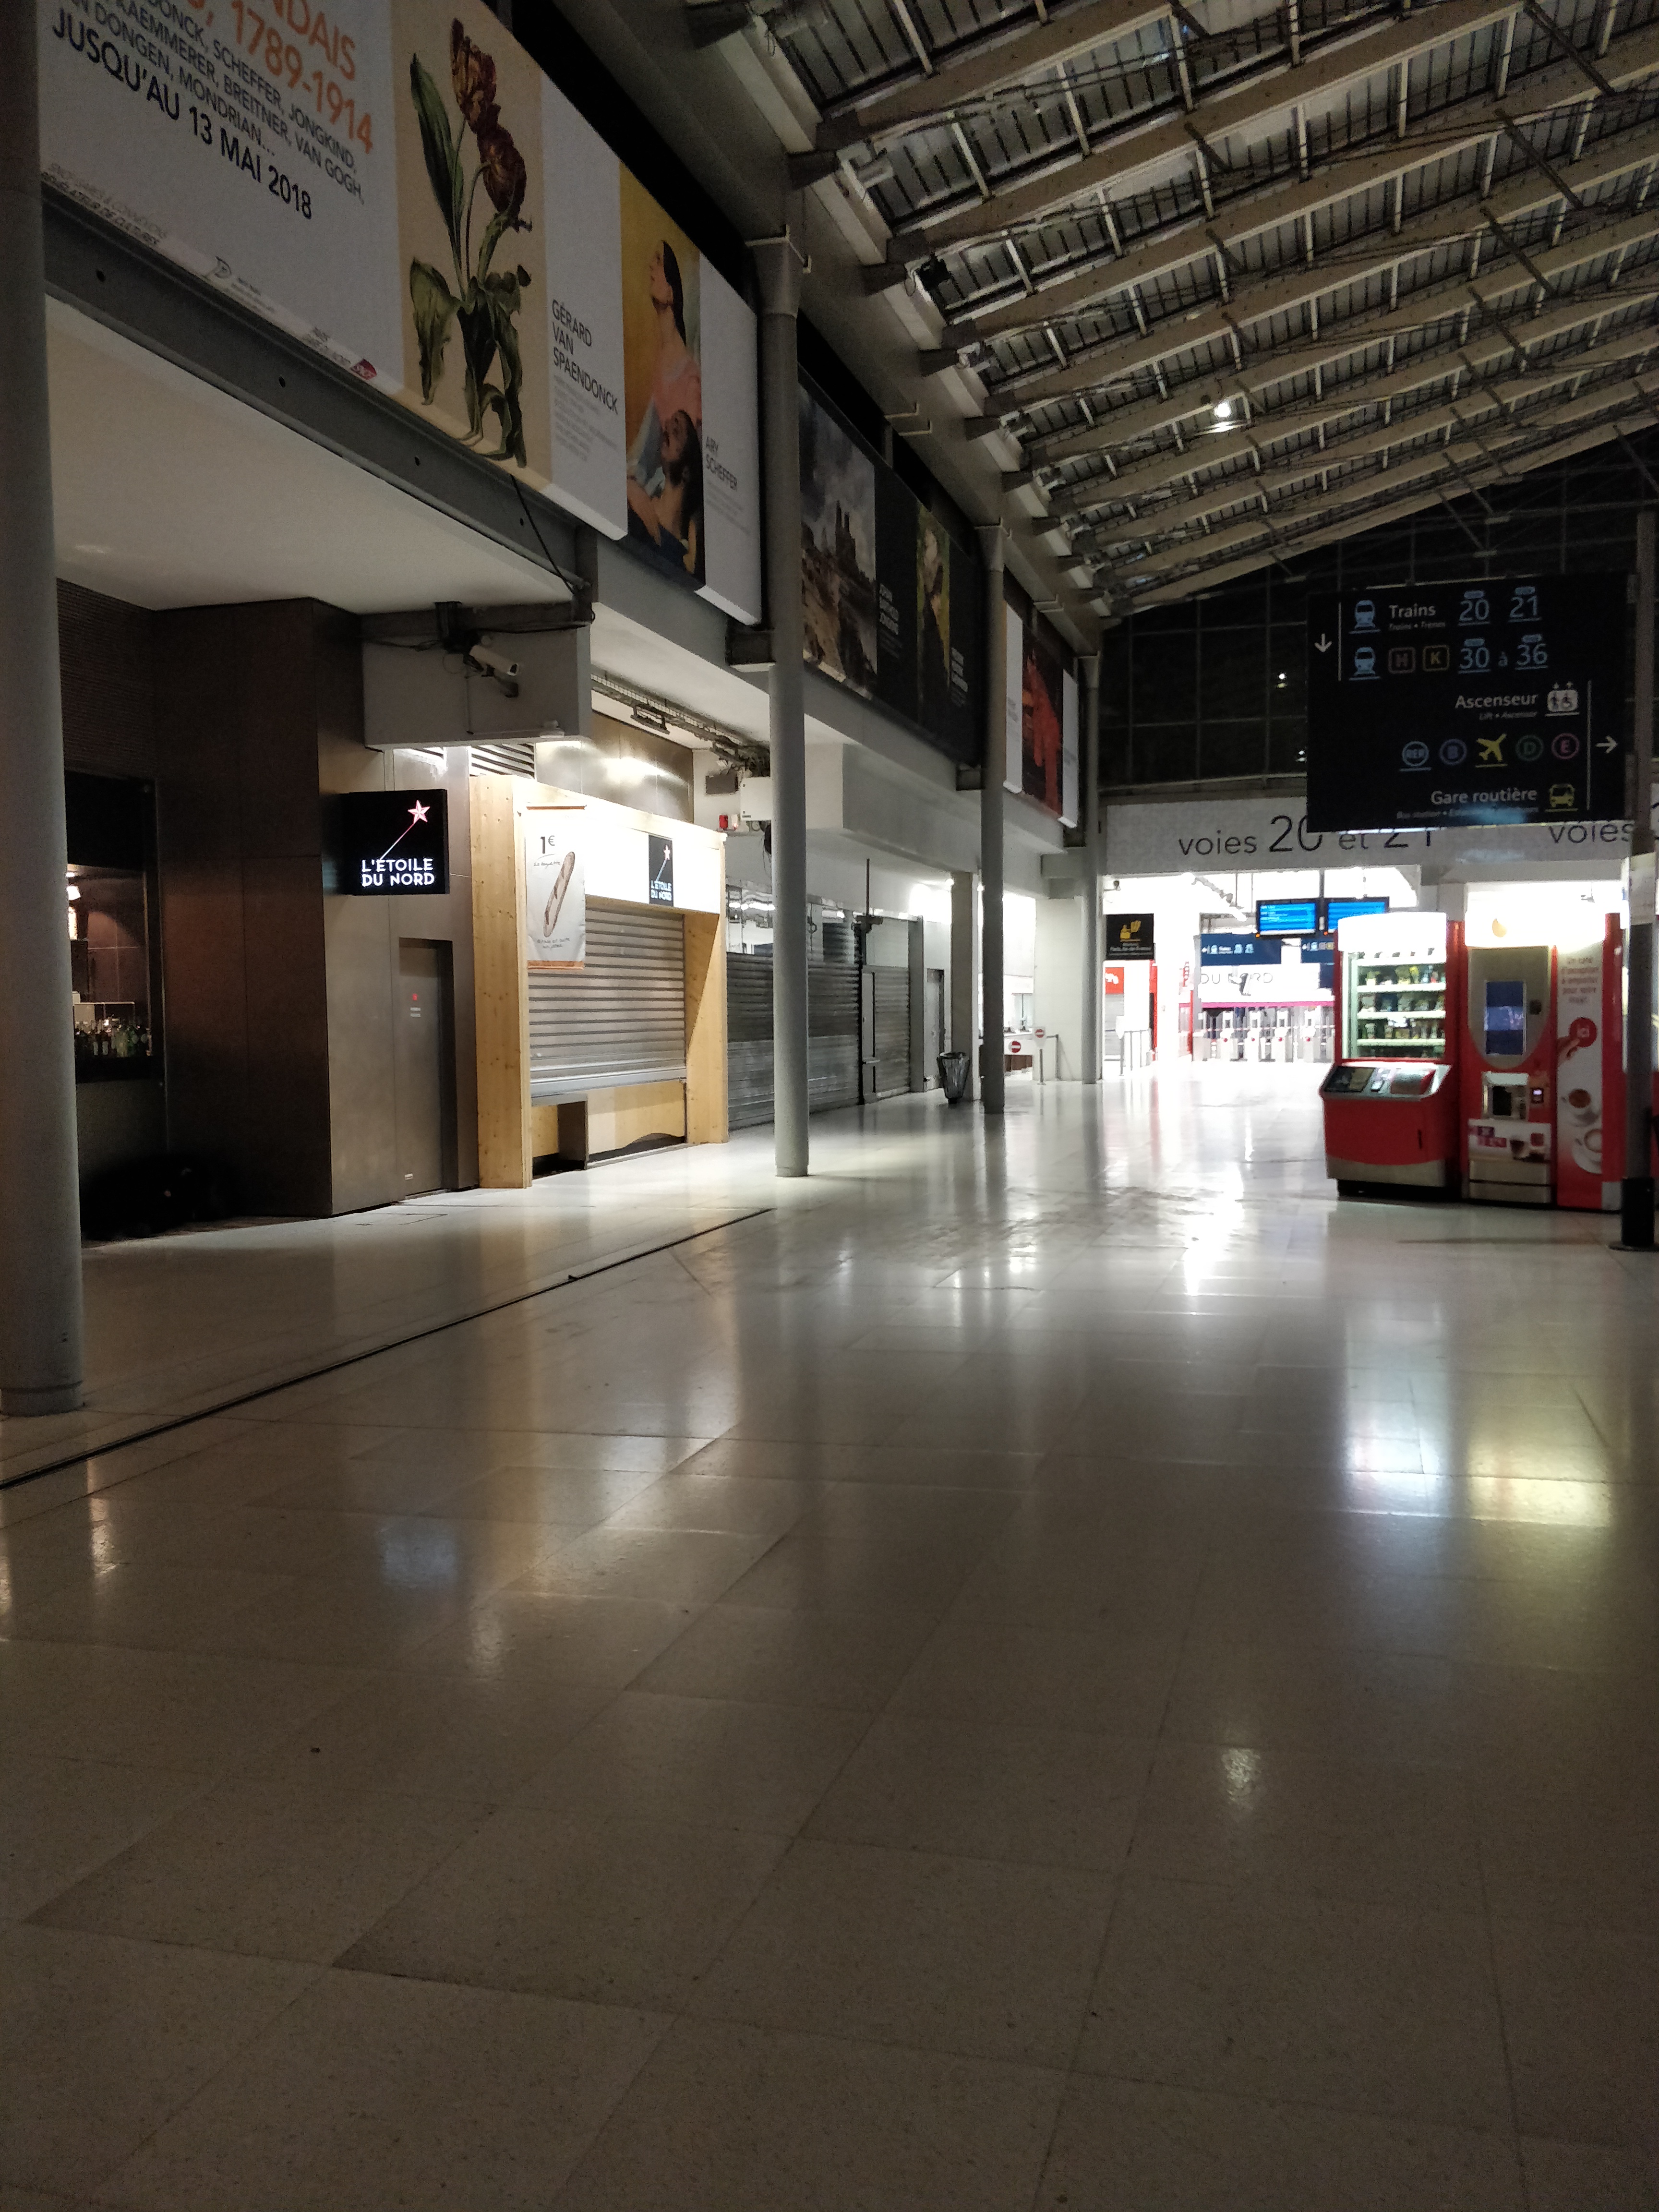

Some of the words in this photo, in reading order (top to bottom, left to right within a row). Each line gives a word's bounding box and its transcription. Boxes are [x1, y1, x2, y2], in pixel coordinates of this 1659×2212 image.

[272, 0, 356, 81] DAIS
[232, 1, 374, 155] 1789-1914
[52, 7, 180, 120] JUSQU'AU
[189, 106, 213, 145] 13
[220, 127, 261, 183] MAI
[268, 165, 312, 219] 2018
[213, 38, 284, 116] SCHEFFER,
[289, 103, 357, 175] JONGKIND,
[223, 74, 292, 146] BREITNER,
[294, 131, 322, 168] VAN
[552, 299, 592, 347] GÉRARD
[552, 321, 574, 356] VAN
[553, 346, 619, 415] SPAENDONCK
[1388, 603, 1437, 619] Trains
[1458, 599, 1490, 623] 20
[1508, 595, 1539, 619] 21
[1430, 651, 1442, 666] K
[1458, 647, 1491, 670] 30
[1498, 650, 1508, 668] à
[1516, 642, 1549, 667] 36
[1455, 694, 1539, 709] Ascenseur
[1430, 790, 1468, 805] Gare
[1472, 787, 1538, 802] routière
[1178, 830, 1257, 855] voies
[361, 873, 384, 887] DU
[390, 872, 435, 887] NORD
[651, 889, 658, 899] DU

__Exercise directions__: All of the material shown above needs to be duplicated exactly. Omit every picture.

__Finished task__:
Some of the words in this photo, in reading order (top to bottom, left to right within a row). Each line gives a word's bounding box and its transcription. Boxes are [x1, y1, x2, y2], in pixel coordinates of this 1659×2212 image.

[272, 0, 356, 81] DAIS
[232, 1, 374, 155] 1789-1914
[52, 7, 180, 120] JUSQU'AU
[189, 106, 213, 145] 13
[220, 127, 261, 183] MAI
[268, 165, 312, 219] 2018
[213, 38, 284, 116] SCHEFFER,
[289, 103, 357, 175] JONGKIND,
[223, 74, 292, 146] BREITNER,
[294, 131, 322, 168] VAN
[552, 299, 592, 347] GÉRARD
[552, 321, 574, 356] VAN
[553, 346, 619, 415] SPAENDONCK
[1388, 603, 1437, 619] Trains
[1458, 599, 1490, 623] 20
[1508, 595, 1539, 619] 21
[1430, 651, 1442, 666] K
[1458, 647, 1491, 670] 30
[1498, 650, 1508, 668] à
[1516, 642, 1549, 667] 36
[1455, 694, 1539, 709] Ascenseur
[1430, 790, 1468, 805] Gare
[1472, 787, 1538, 802] routière
[1178, 830, 1257, 855] voies
[361, 873, 384, 887] DU
[390, 872, 435, 887] NORD
[651, 889, 658, 899] DU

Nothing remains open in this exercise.